**Brief:** All the lines below should be set down exactly, with no picture carried into the copy.

(Stored data entries)
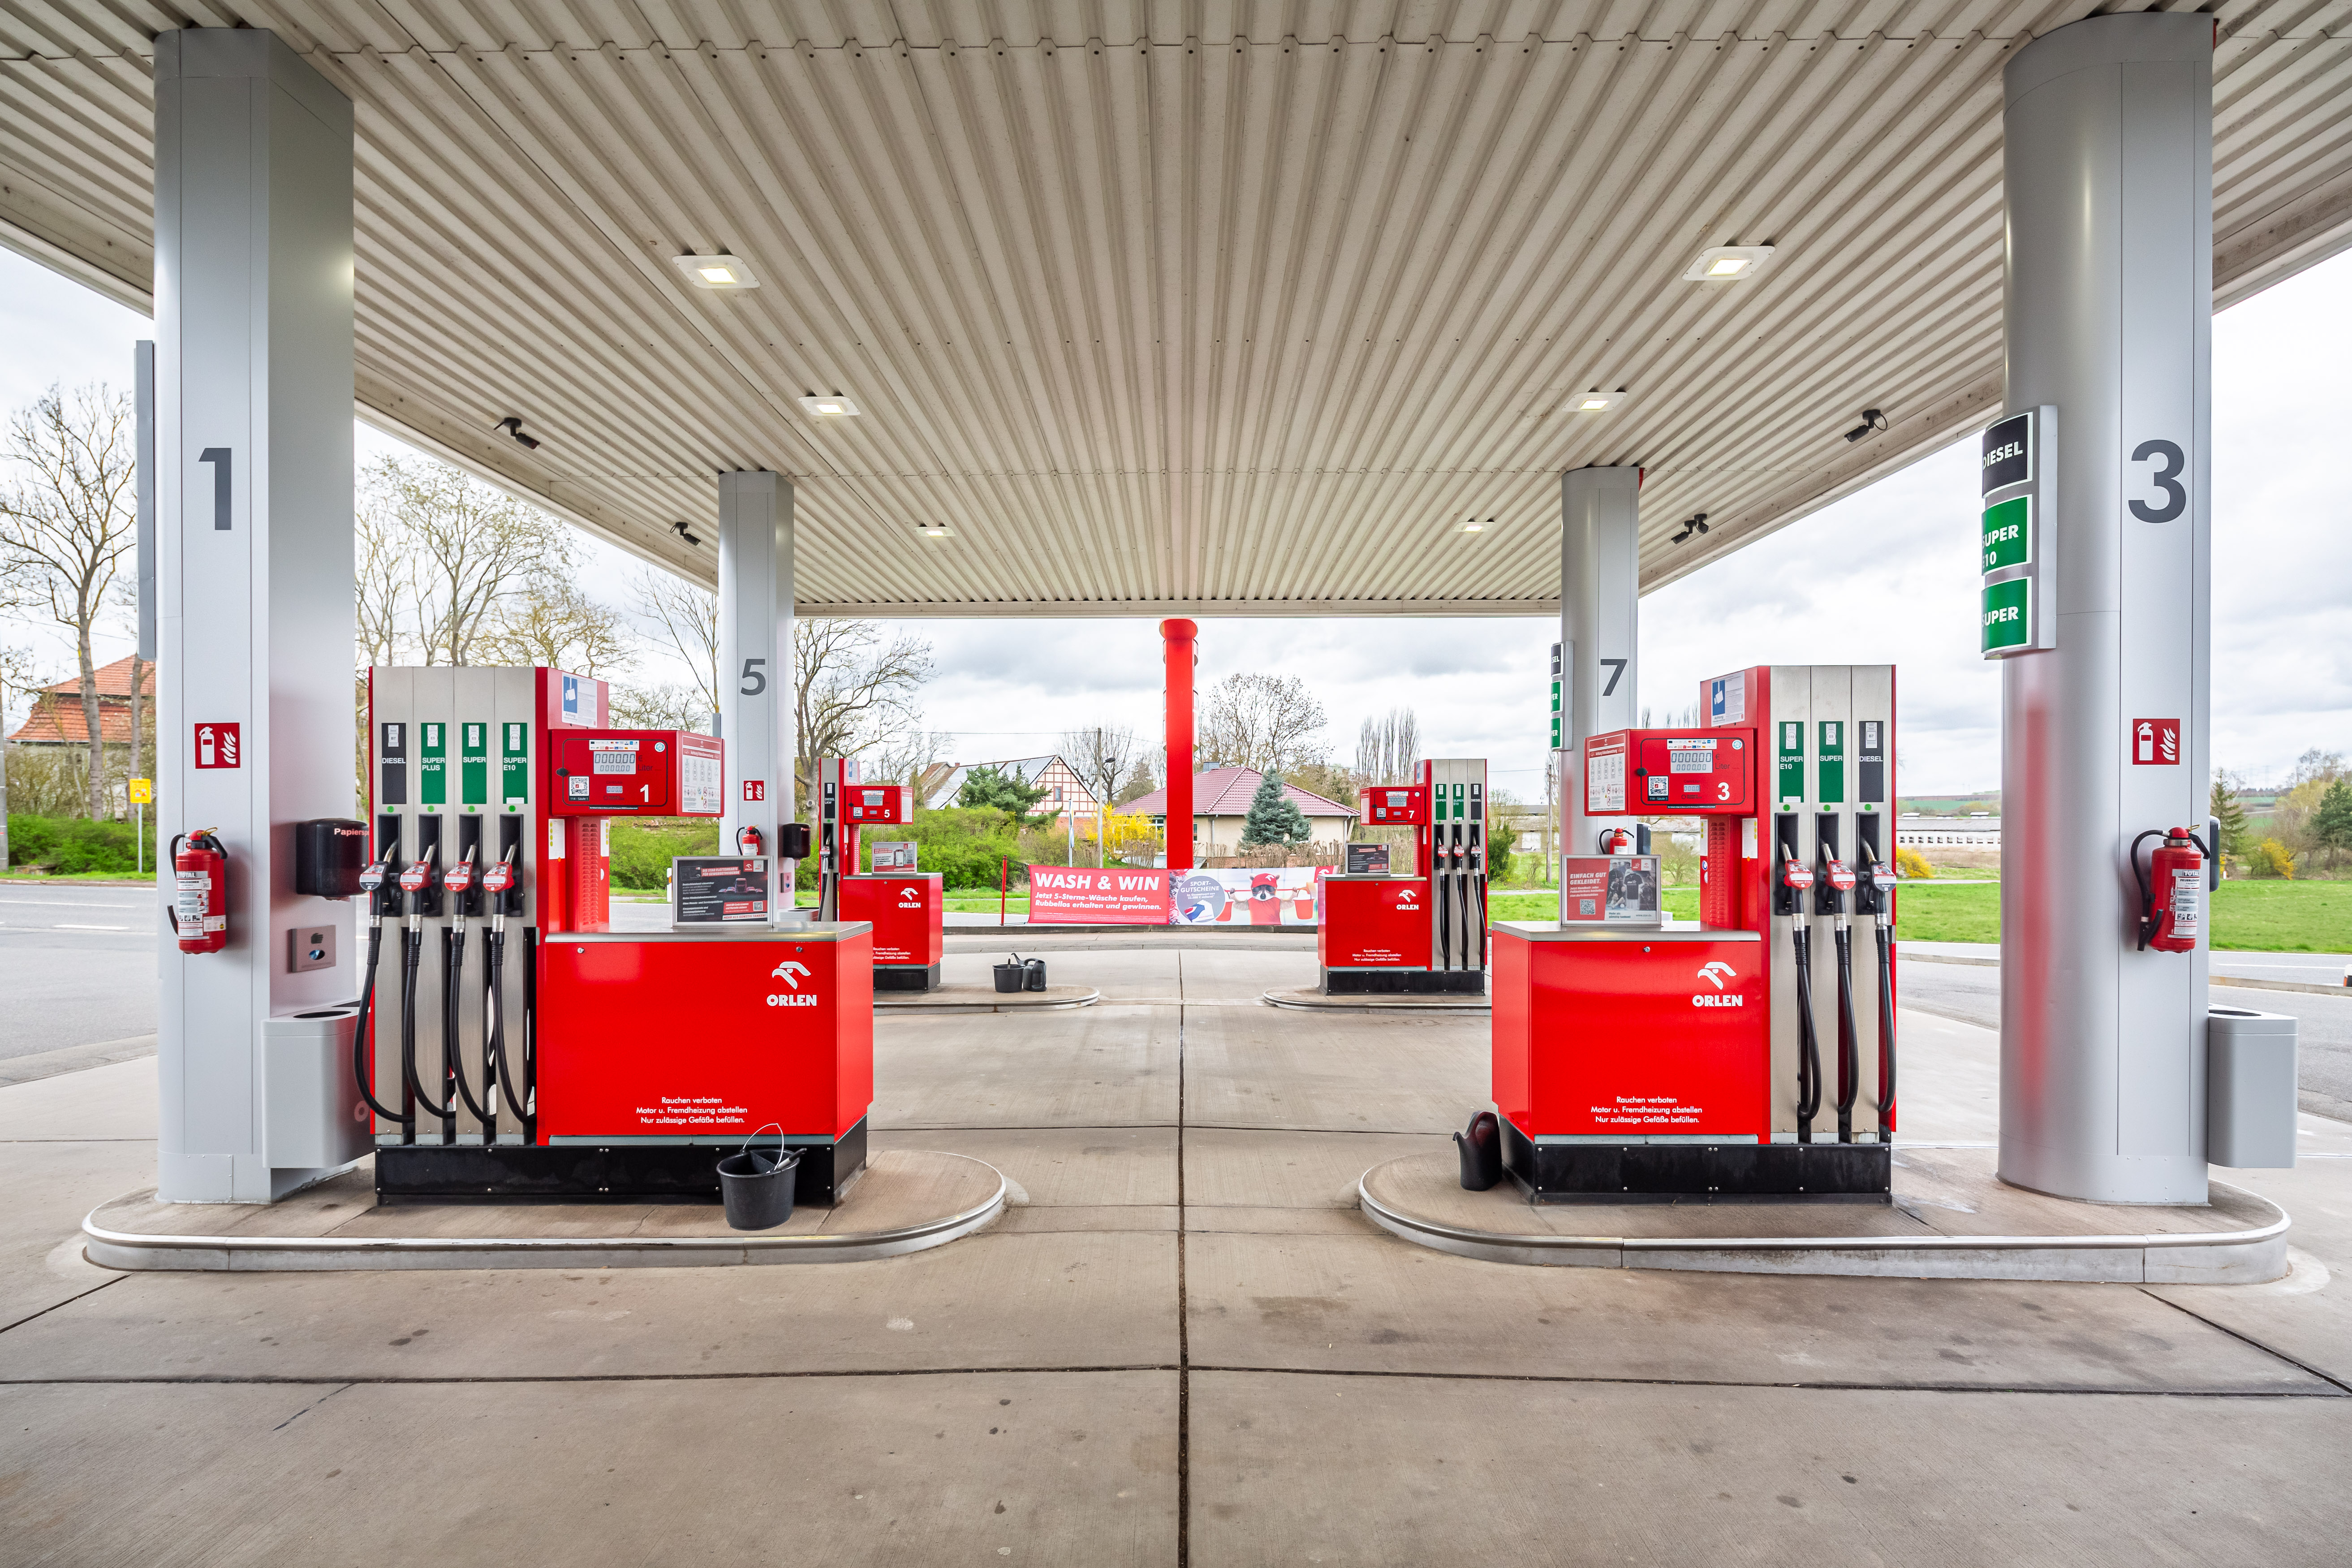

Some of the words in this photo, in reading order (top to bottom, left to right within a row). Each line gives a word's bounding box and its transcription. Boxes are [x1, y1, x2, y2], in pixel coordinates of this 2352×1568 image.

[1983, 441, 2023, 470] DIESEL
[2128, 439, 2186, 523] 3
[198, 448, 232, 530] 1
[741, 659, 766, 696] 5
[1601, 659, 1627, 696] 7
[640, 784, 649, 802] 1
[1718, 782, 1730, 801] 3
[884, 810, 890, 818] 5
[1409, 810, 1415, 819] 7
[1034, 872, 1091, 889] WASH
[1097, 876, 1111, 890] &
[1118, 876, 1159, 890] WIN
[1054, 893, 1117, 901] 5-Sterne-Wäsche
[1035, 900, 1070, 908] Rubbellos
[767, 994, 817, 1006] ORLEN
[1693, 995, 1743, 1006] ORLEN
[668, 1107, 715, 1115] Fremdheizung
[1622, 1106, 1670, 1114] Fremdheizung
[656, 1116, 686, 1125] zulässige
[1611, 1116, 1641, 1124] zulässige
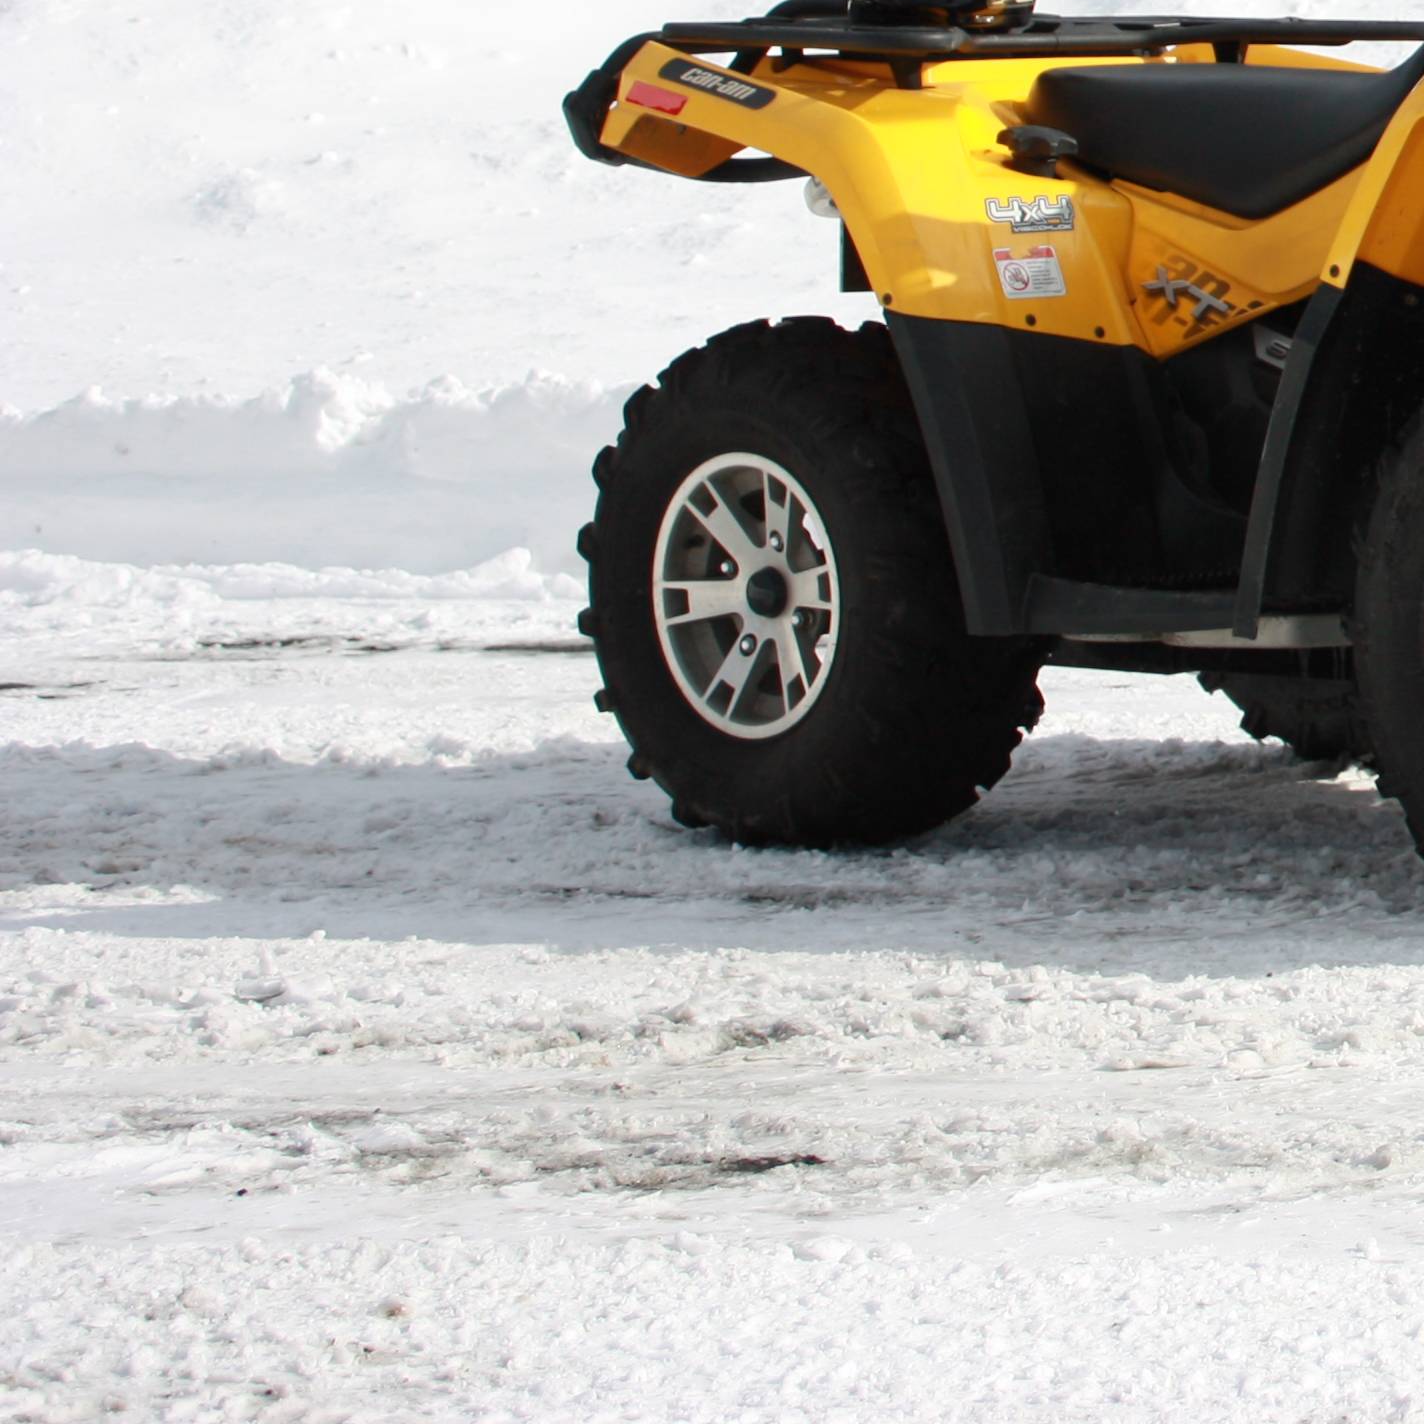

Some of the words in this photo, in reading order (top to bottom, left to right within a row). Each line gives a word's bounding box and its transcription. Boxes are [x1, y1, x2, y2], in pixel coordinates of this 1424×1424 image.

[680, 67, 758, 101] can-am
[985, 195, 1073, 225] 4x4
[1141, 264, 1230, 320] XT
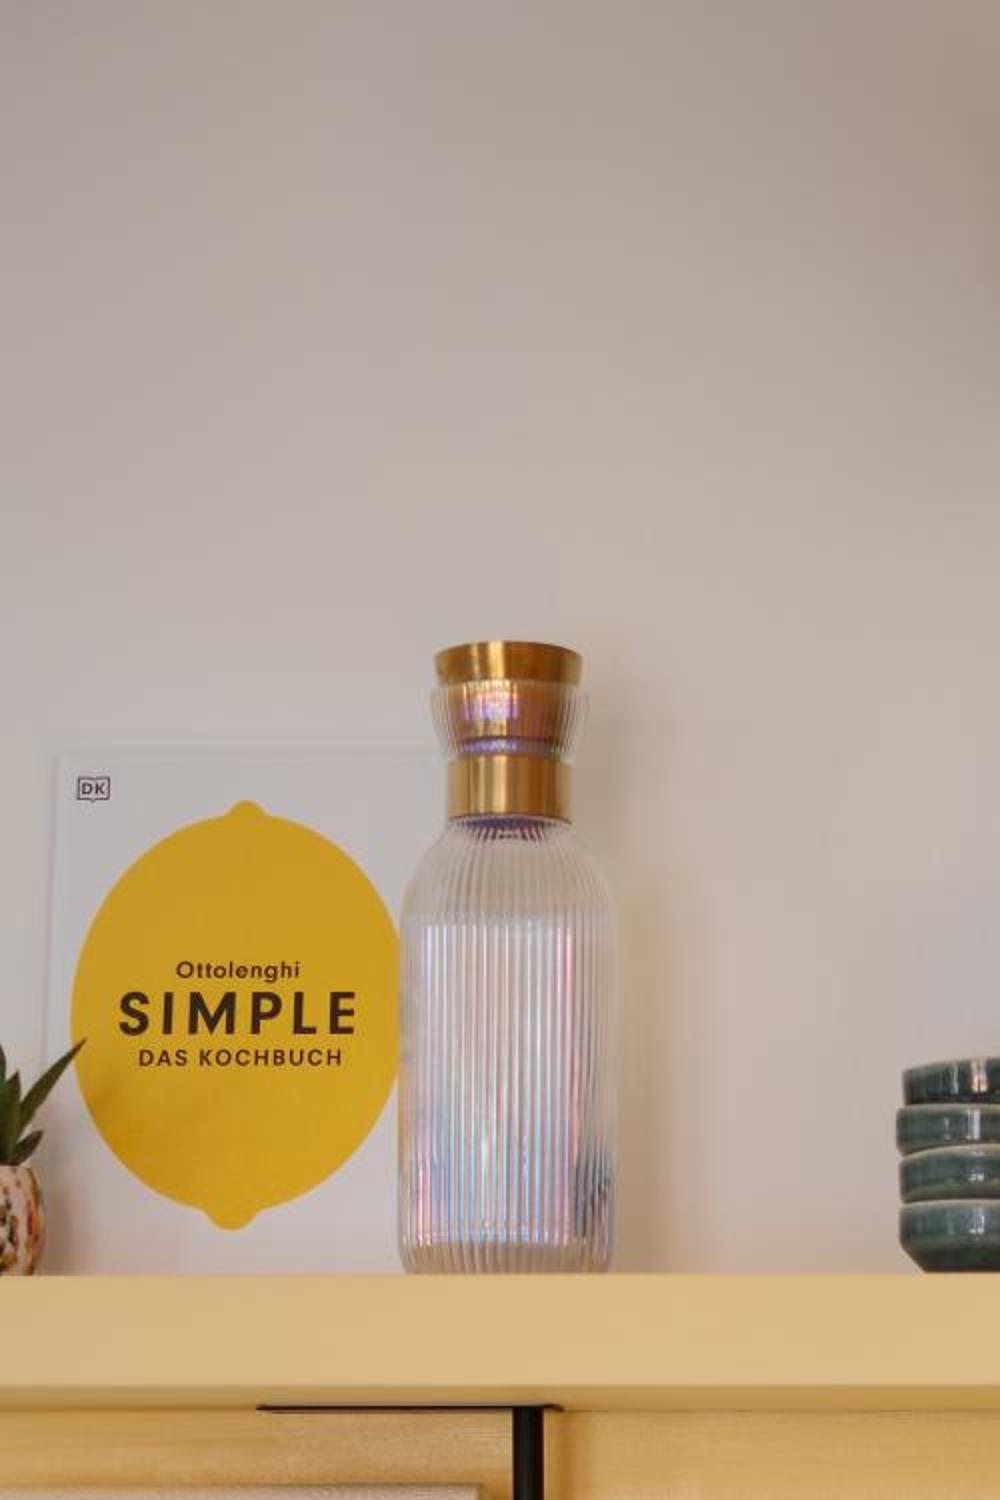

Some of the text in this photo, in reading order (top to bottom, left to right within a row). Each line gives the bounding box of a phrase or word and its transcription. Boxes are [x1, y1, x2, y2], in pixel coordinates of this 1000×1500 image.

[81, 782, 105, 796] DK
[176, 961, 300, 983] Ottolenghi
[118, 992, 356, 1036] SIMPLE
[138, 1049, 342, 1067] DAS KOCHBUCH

**Answer for the task:**
Some of the words in this photo, in reading order (top to bottom, left to right within a row). Each line gives a word's bounding box and its transcription. Boxes are [x1, y1, x2, y2], in pixel coordinates of this 2352×1568 image.

[1983, 441, 2023, 470] DIESEL
[2128, 439, 2186, 523] 3
[198, 448, 232, 530] 1
[741, 659, 766, 696] 5
[1601, 659, 1627, 696] 7
[640, 784, 649, 802] 1
[1718, 782, 1730, 801] 3
[884, 810, 890, 818] 5
[1409, 810, 1415, 819] 7
[1034, 872, 1091, 889] WASH
[1097, 876, 1111, 890] &
[1118, 876, 1159, 890] WIN
[1054, 893, 1117, 901] 5-Sterne-Wäsche
[1035, 900, 1070, 908] Rubbellos
[767, 994, 817, 1006] ORLEN
[1693, 995, 1743, 1006] ORLEN
[668, 1107, 715, 1115] Fremdheizung
[1622, 1106, 1670, 1114] Fremdheizung
[656, 1116, 686, 1125] zulässige
[1611, 1116, 1641, 1124] zulässige

Some of the words in this photo, in reading order (top to bottom, left to right within a row). Each line gives a word's bounding box and its transcription. Boxes are [x1, y1, x2, y2], in pixel coordinates of this 1424×1424 image.

[680, 67, 758, 101] can-am
[985, 195, 1073, 225] 4x4
[1141, 264, 1230, 320] XT

Some of the text in this photo, in reading order (top to bottom, left to right within a row). Each line gives the bounding box of a phrase or word and its transcription. Boxes are [x1, y1, x2, y2], in pixel coordinates of this 1000×1500 image.

[81, 782, 105, 796] DK
[176, 961, 300, 983] Ottolenghi
[118, 992, 356, 1036] SIMPLE
[138, 1049, 342, 1067] DAS KOCHBUCH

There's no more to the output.